4. Limitation of Liability. OUTWARD MEDIA'S EMAIL SERVICES AND SOFTWARE ARE PROVIDED "AS IS" AND "AS AVAILABLE" AND OUTWARD MEDIA DISCLAIMS ALL WARRANTIES OF ANY KIND, WHETHER EXPRESS OR IMPLIED, INCLUDING BUT NOT LIMITED TO THE IMPLIED WARRANTY OF MERCHANTABILITY OF FITNESS FOR A PARTICULAR PURPOSE AND IMPLIED WARRANTIES ARISING FROM COURSE OF DEALING OR COURSE OF PERFORMANCE. In the event that OUTWARD MEDIA fails to execute the email campaign in accordance with this IO (or in the event of any other failure, technical or otherwise), the sole liability of OUTWARD MEDIA to Advertiser shall be limited to either a refund for the email campaign or placement of "make-good" advertising during a reasonable time after. In no event shall OUTWARD MEDIA be responsible for any consequential, special, lost profits, or other damages arising from any failure to timely run the email campaign in accordance with the IO. Without limiting the foregoing, OUTWARD MEDIA shall have no liability for any failure or delay resulting from conditions beyond OUTWARD MEDIA'S control.
5. Cancellations. Ten days written notice required prior to cancellation. Advertiser acknowledges that rates are based on contracted emails to be sent. If OUTWARD MEDIA does not fulfill contracted impression levels during the contract time period, Advertiser will be charged the CPM rate noted in the IO commensurate with the number of emails sent.
6. Campaign Conditions. Conditions as stated on the IO, will be met during the period stated therein. Any conditions that are not met will be subject to the following from OUTWARD MEDIA: (1) OUTWARD MEDIA will make good for any email that was not sent to the Advertisers satisfaction, within 30 days; (2) If the campaign has not met the criteria as quantified on the IO and OUTWARD MEDIA has not made good for any discrepancy per above, the Advertiser may receive a refund for any fees pre-paid to OUTWARD MEDIA for the campaign.

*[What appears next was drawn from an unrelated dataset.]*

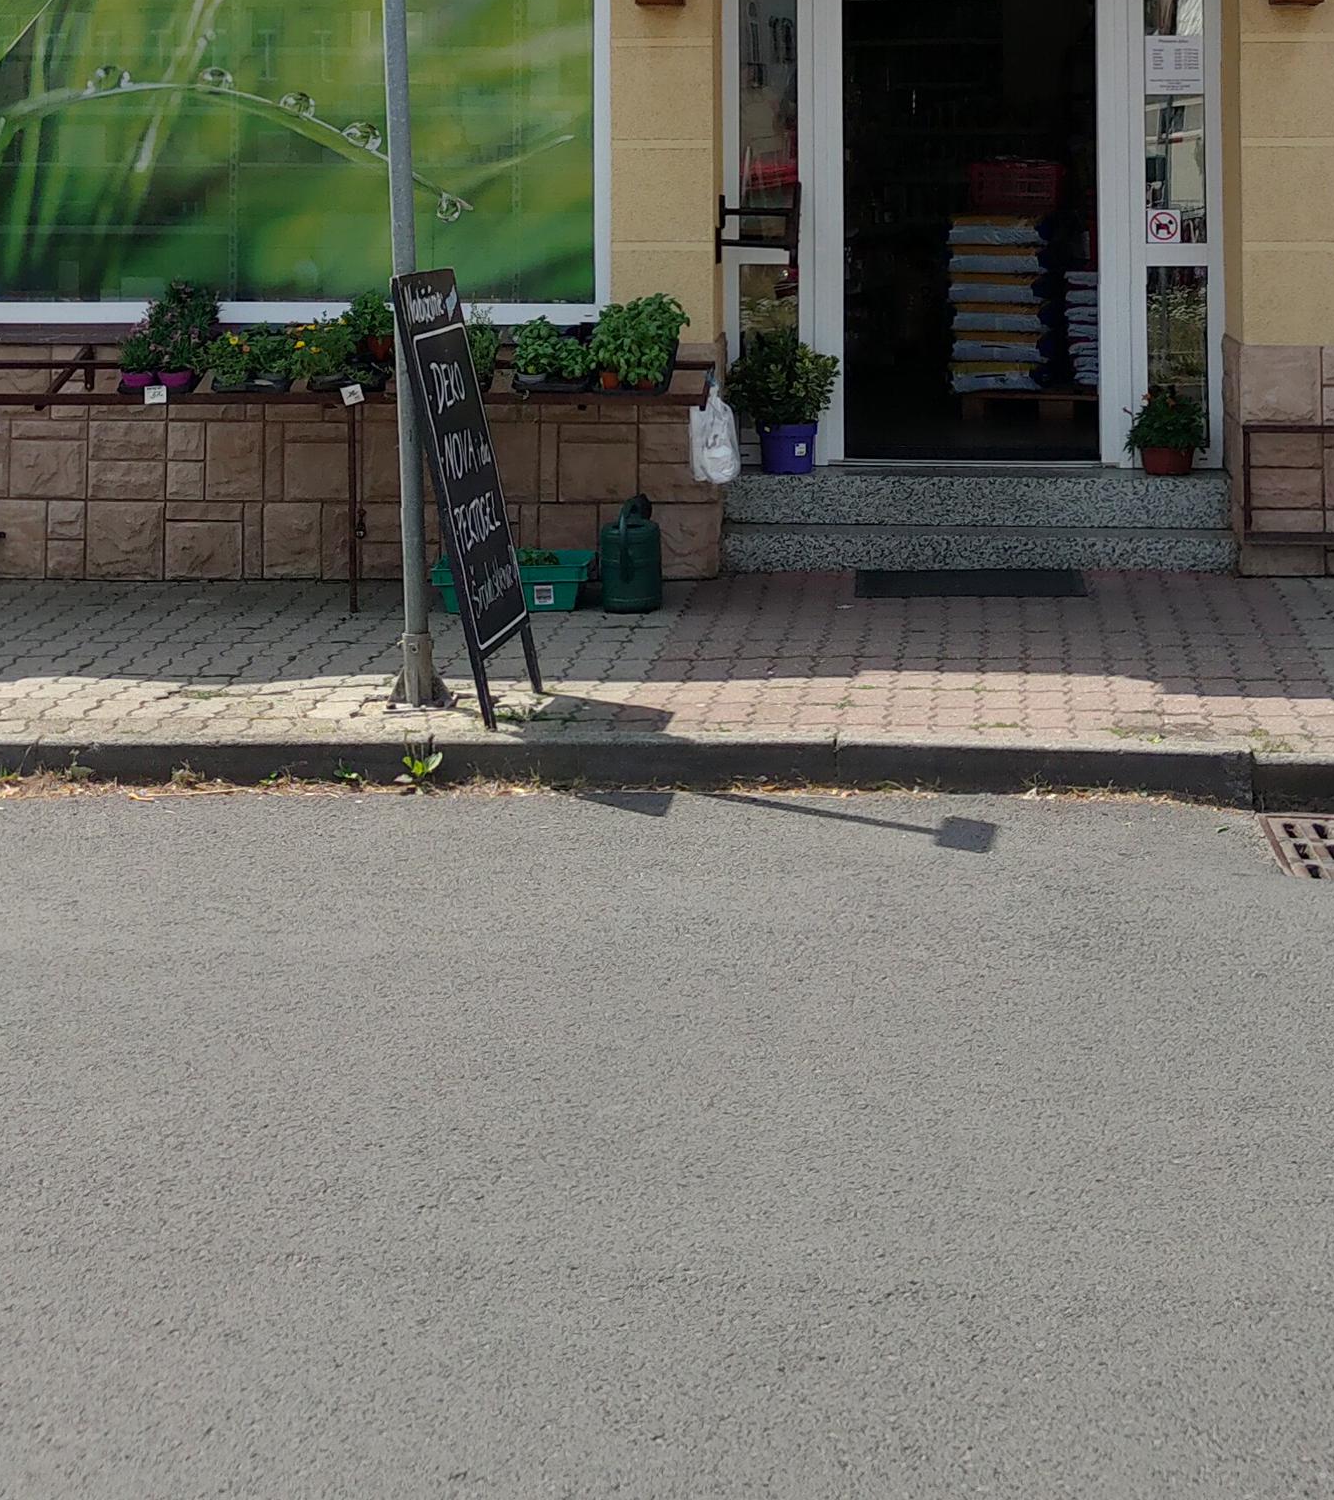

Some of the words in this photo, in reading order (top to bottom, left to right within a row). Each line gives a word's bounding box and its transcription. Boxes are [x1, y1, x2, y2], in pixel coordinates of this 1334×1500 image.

[430, 361, 466, 414] DEKO
[444, 428, 479, 480] NOVA
[454, 491, 501, 554] PEKTOGEL

7. Miscellaneous. No conditions other than those set forth in the IO or these Standard Terms shall be binding on OUTWARD MEDIA unless expressly agreed to in writing by OUTWARD MEDIA. In the event of any inconsistency between the IO and the Standard Terms, the Standard Terms shall apply. These Standard Terms, together with the IO, (i) shall be governed by and construed in accordance with the laws of the State of California, without giving effect to principles of conflicts law; (ii) may be amended only by written agreement executed by an authorized representative of each party; and (iii) constitute the complete and entire expression of the agreement between the parties, and shall supersede any and all other agreements, whether written or oral, between the parties.